Nothing but the text of the records belongs in your answer: repeat all of it exactly and leave out the images.

=== THE DATA ===

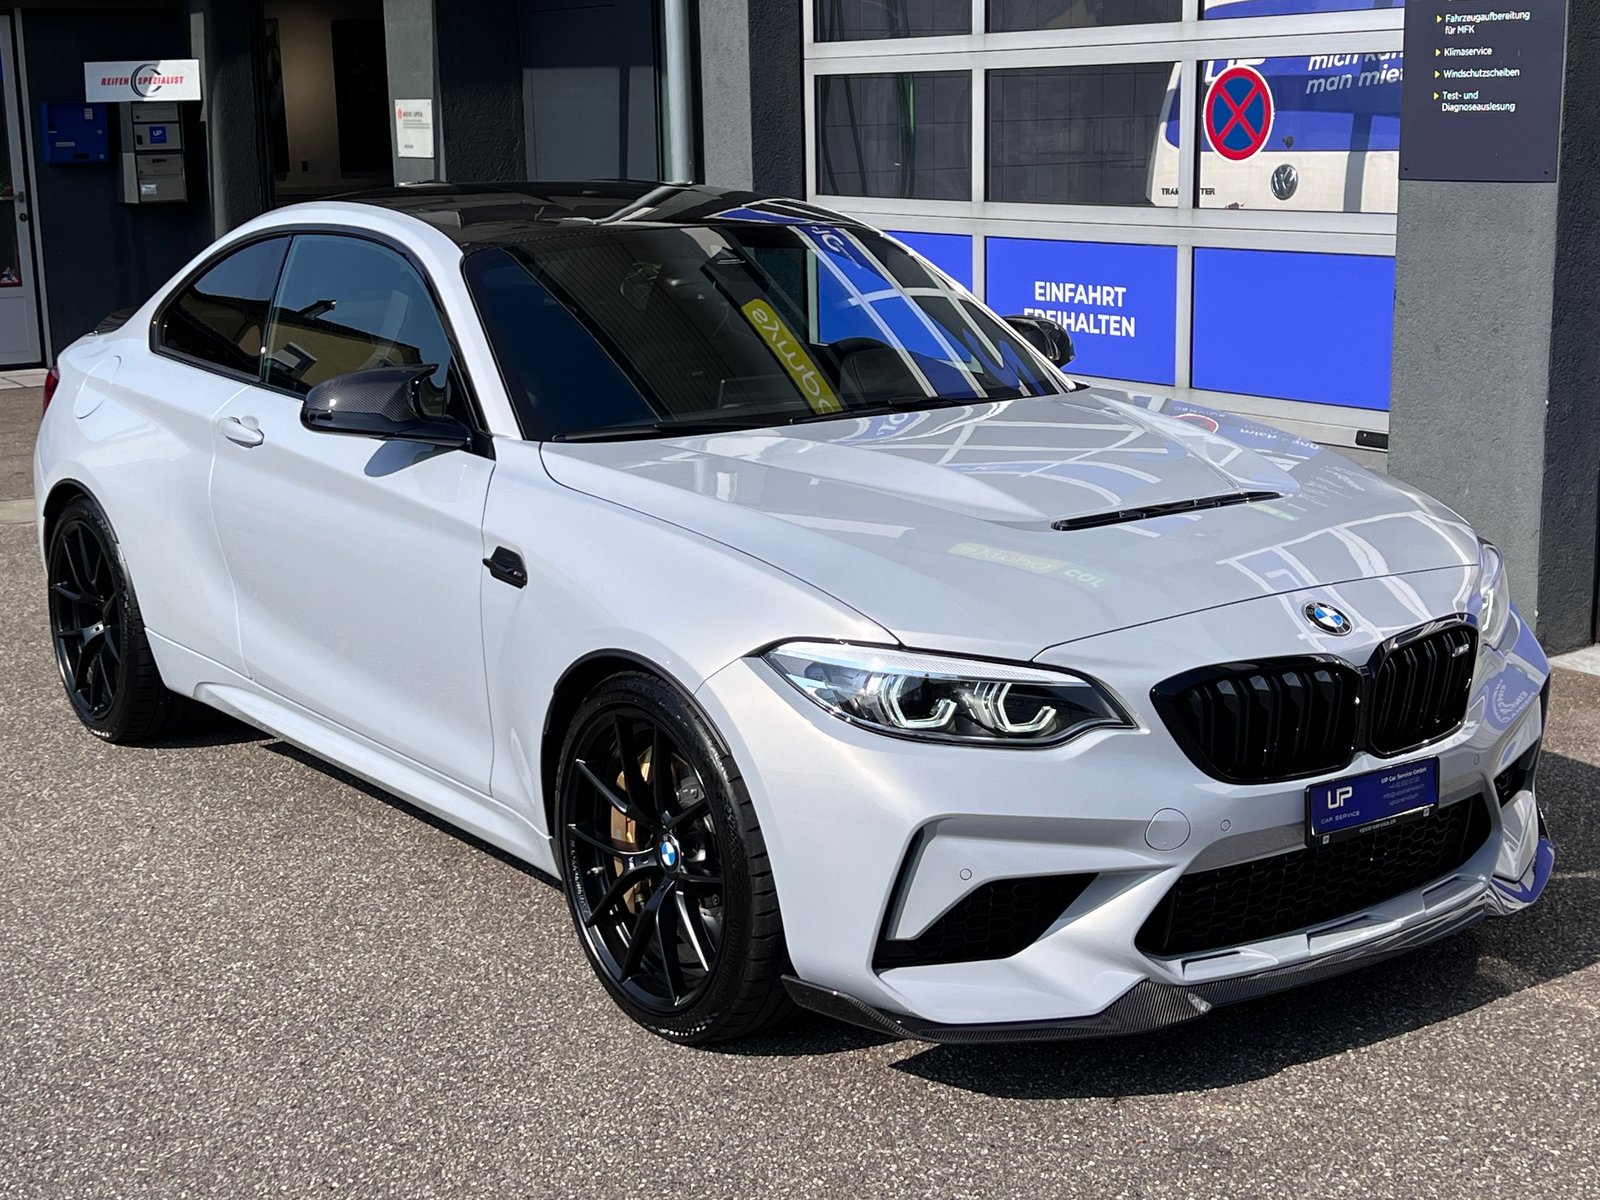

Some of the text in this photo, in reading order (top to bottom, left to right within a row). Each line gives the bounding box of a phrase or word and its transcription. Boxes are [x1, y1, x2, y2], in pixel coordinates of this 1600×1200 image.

[1445, 11, 1531, 23] Fahrzeugaufbereitung
[1445, 25, 1475, 35] für MFK
[1444, 46, 1493, 56] Klimaservice
[1443, 68, 1520, 78] Windschutzscheiben
[101, 76, 184, 86] REIFEN SPEZIALIST
[1306, 63, 1404, 94] man mie
[1442, 91, 1479, 100] Test- und
[1442, 102, 1516, 112] Diagnoseauslesung
[1034, 281, 1127, 307] EINFAHRT
[1327, 786, 1353, 809] UP
[1321, 810, 1360, 825] CAR SERVICE

===

REPLY
Some of the text in this photo, in reading order (top to bottom, left to right within a row). Each line gives the bounding box of a phrase or word and its transcription. Boxes are [x1, y1, x2, y2], in pixel coordinates of this 1600×1200 image.

[1445, 11, 1531, 23] Fahrzeugaufbereitung
[1445, 25, 1475, 35] für MFK
[1444, 46, 1493, 56] Klimaservice
[1443, 68, 1520, 78] Windschutzscheiben
[101, 76, 184, 86] REIFEN SPEZIALIST
[1306, 63, 1404, 94] man mie
[1442, 91, 1479, 100] Test- und
[1442, 102, 1516, 112] Diagnoseauslesung
[1034, 281, 1127, 307] EINFAHRT
[1327, 786, 1353, 809] UP
[1321, 810, 1360, 825] CAR SERVICE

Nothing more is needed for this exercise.